Saved entries
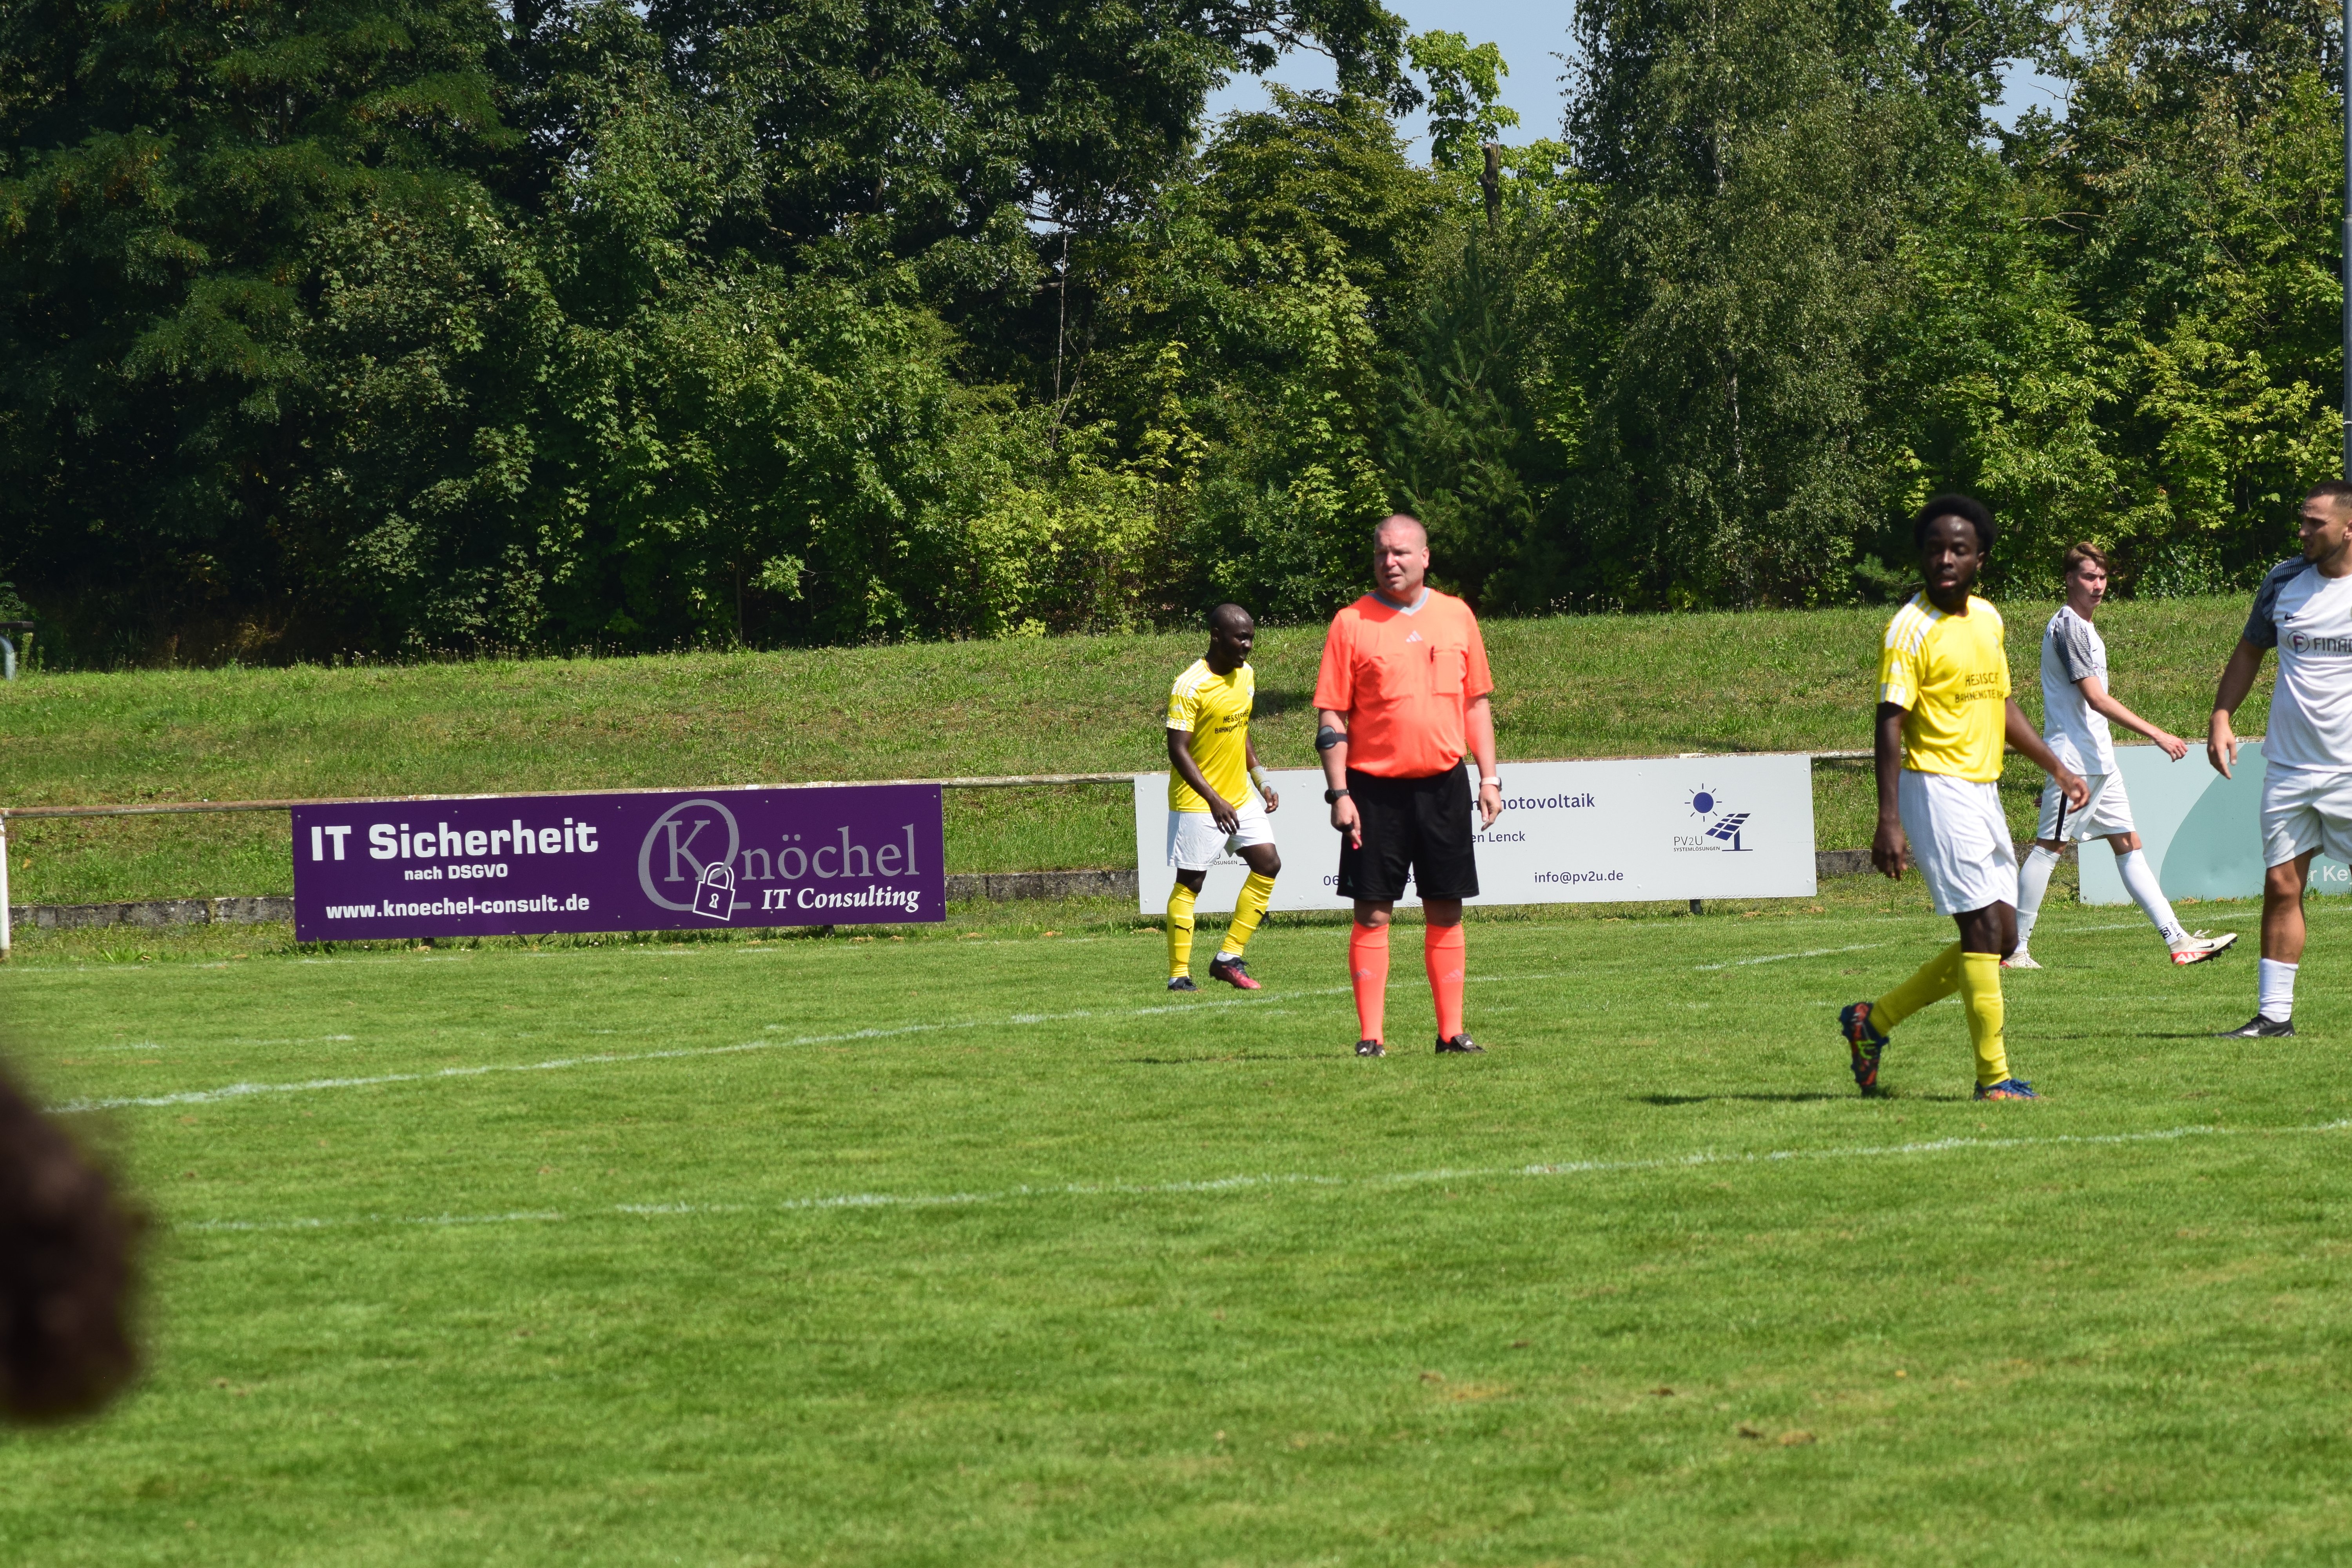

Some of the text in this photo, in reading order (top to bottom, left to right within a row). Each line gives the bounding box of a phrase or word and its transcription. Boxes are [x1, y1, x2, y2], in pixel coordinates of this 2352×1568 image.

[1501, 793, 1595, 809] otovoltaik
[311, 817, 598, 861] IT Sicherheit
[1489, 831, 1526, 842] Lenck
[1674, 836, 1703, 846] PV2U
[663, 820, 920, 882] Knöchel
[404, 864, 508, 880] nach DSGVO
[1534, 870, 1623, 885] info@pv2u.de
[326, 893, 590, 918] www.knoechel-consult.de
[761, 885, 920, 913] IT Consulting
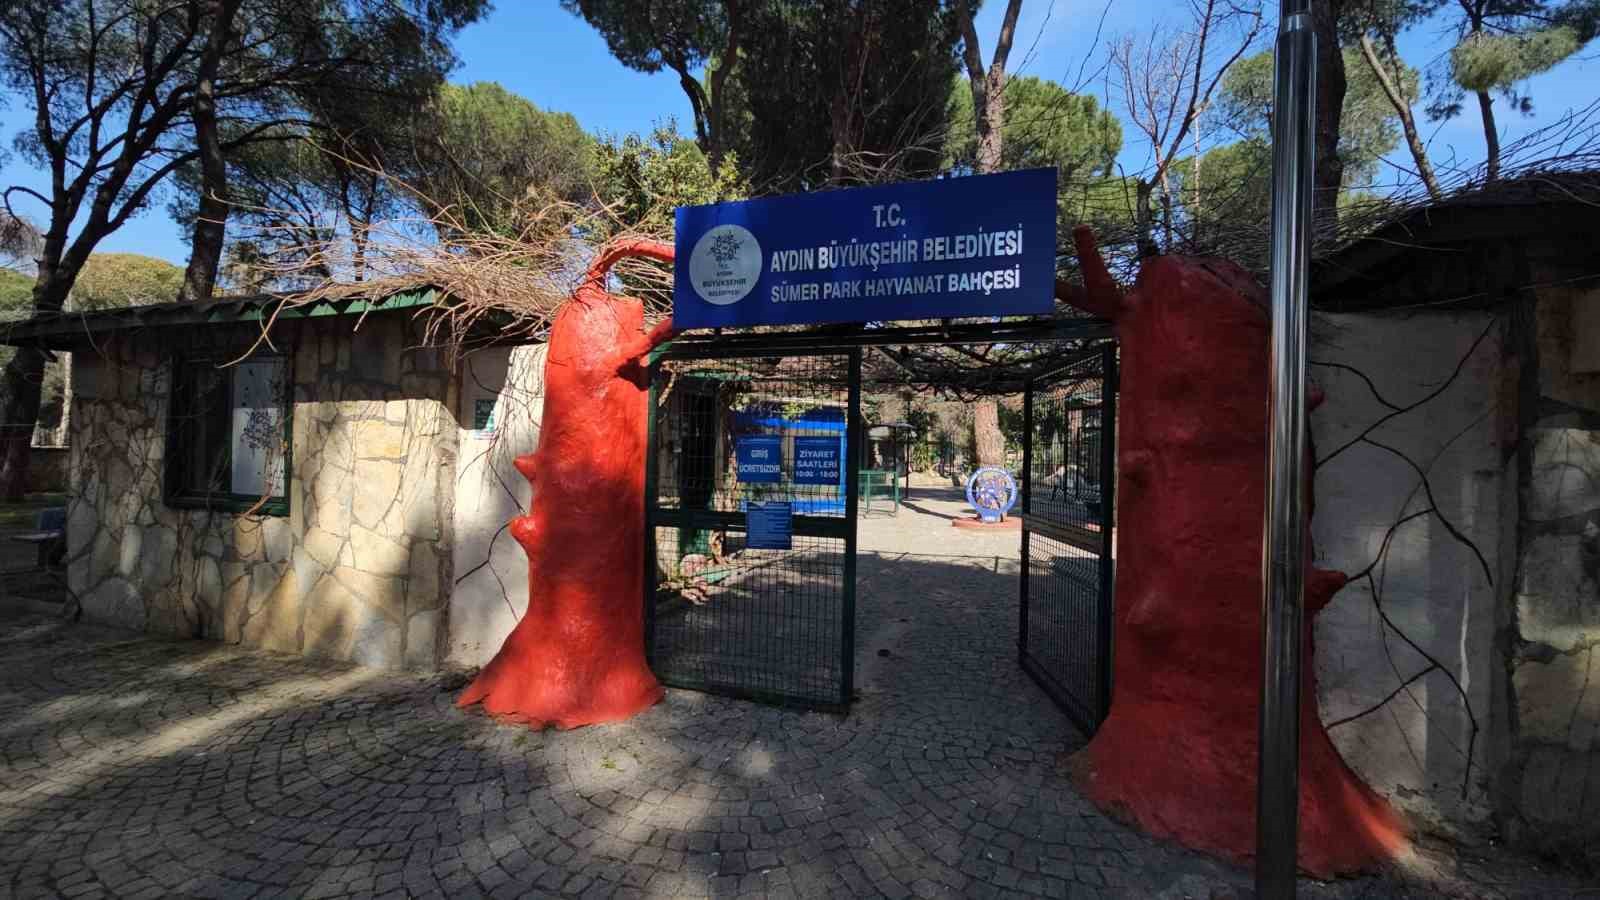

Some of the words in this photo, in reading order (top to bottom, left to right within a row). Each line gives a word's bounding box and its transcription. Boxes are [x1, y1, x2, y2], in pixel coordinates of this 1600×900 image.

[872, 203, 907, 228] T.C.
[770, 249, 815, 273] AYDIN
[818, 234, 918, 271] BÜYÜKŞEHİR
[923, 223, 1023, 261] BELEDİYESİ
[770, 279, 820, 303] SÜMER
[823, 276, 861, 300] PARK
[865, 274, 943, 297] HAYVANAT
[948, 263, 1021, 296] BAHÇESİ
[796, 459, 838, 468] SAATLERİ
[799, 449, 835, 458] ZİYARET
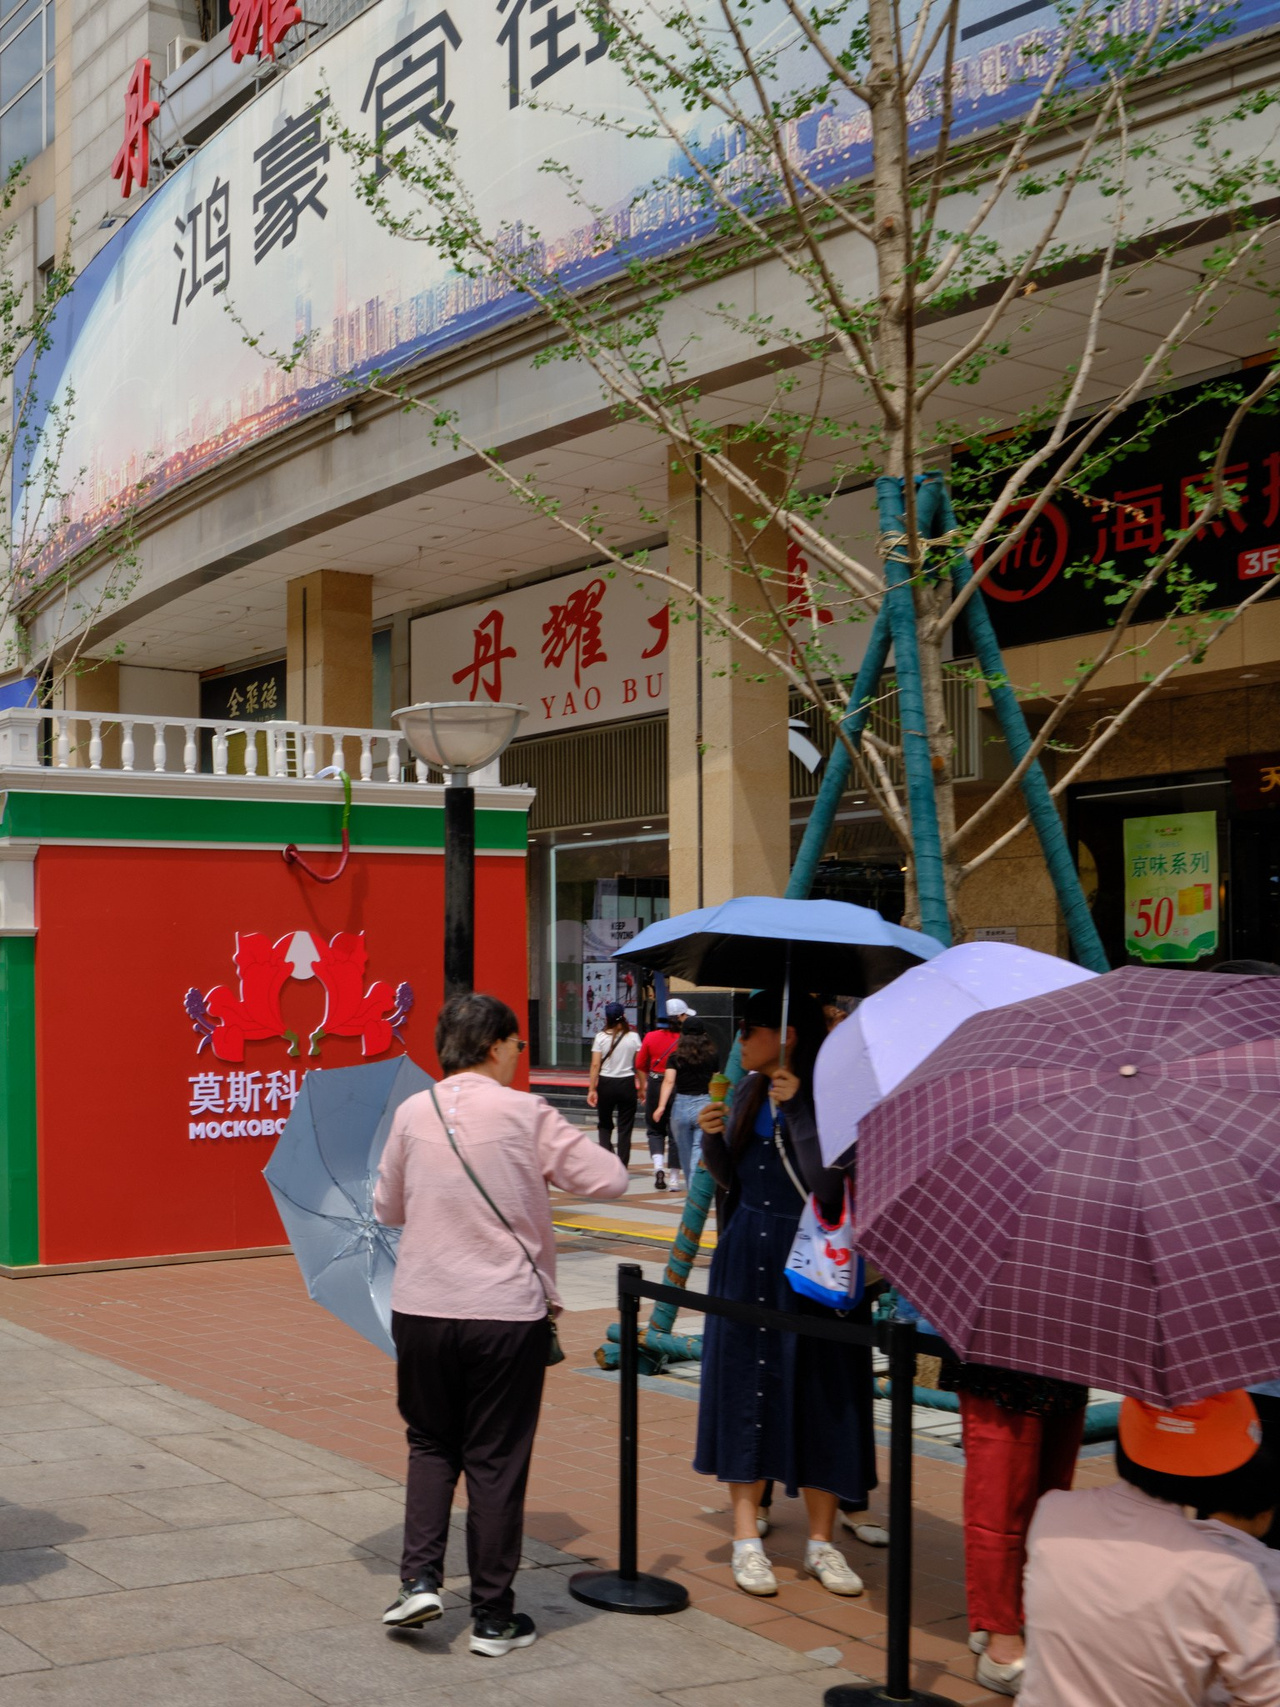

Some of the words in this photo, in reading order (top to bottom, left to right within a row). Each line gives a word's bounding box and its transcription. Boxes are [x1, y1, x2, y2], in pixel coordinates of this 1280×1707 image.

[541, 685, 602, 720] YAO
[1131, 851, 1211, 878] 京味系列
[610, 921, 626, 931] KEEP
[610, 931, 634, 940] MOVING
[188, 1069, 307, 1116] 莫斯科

§ **What the task requires**: Your task is to transcribe the line containing "this 1280×1707 image." and every line after it, through the last line of the data, exactly as written and with nothing more.

§ **Solution for this exercise**:
Some of the words in this photo, in reading order (top to bottom, left to right within a row). Each line gives a word's bounding box and its transcription. Boxes are [x1, y1, x2, y2], in pixel coordinates of this 1280×1707 image.

[541, 685, 602, 720] YAO
[1131, 851, 1211, 878] 京味系列
[610, 921, 626, 931] KEEP
[610, 931, 634, 940] MOVING
[188, 1069, 307, 1116] 莫斯科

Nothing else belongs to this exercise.